What keeps me going is simply this: the Aristotelian notion of eudaemonia, which is the idea that a life of purposeful activity in accordance with reason tends to produce human happiness. I would add that the activity ought to be honorable -- with the caveat that what is "purposeful" and "honorable" must be left open to interpretation. What this leads to is the belief that there is such a thing a good life. Certainly my idea of this will differ from yours, and this is what makes life interesting. In an ideal world, history and experience will sort out who had the better idea over the long haul. I wish to steadfastly resist the thought that we learn nothing over the ages -- and manifestly we do learn, if, perhaps, blunderingly, or else there would have been no Michelangelo or Grand Central Station, or Robert Altman movies, or Valium.

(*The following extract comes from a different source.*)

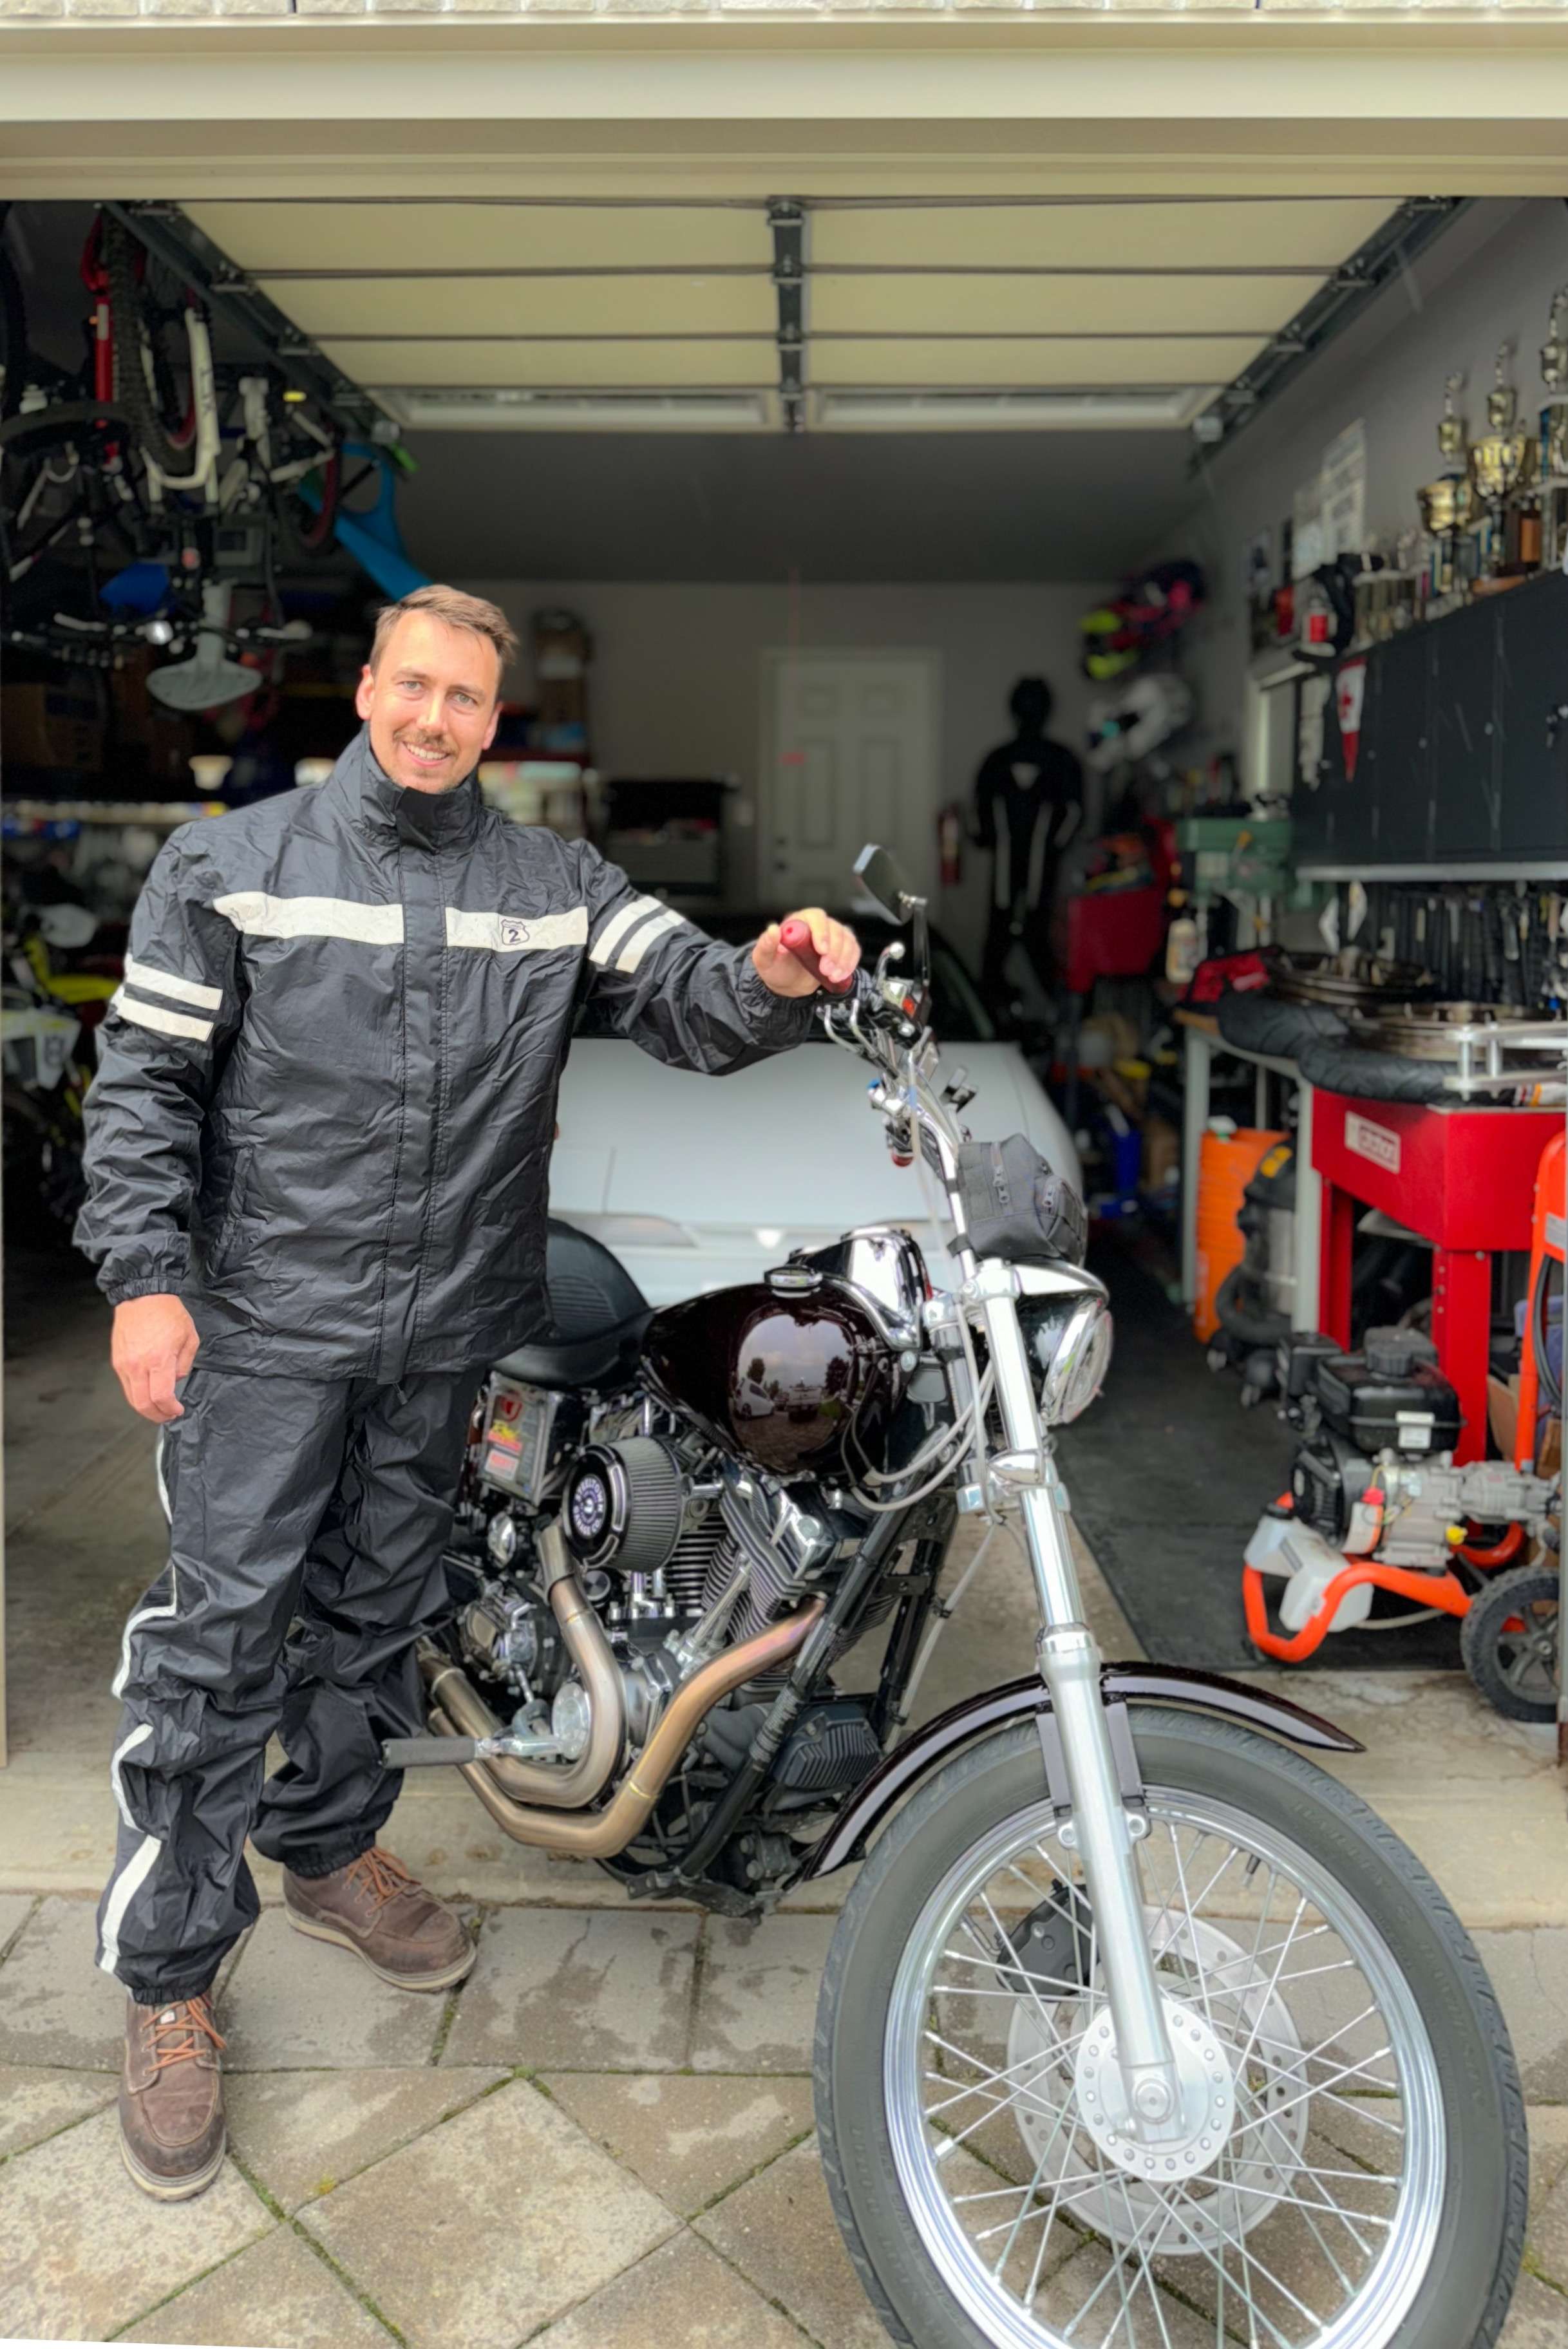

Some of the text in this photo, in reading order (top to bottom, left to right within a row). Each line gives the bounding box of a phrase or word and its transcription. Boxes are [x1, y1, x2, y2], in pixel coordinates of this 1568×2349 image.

Anyway, I’m glad that the Twentieth century is over. It’s possible that the 21st will be an improvement -- just as I believe (perhaps foolishly), that the Nineteenth was generally a good one, a real corker (and don’t let’s get started about the Battle of Cold Harbor, etc.). Let’s just bid the Twentieth a gingerly farewell, as we would say goodbye to a vexing and malicious parent at the cemetery as the casket slides into the receiving vault of eternity. Rest in peace, come no more, let us carry on better than before, and may God bless himself back into existence.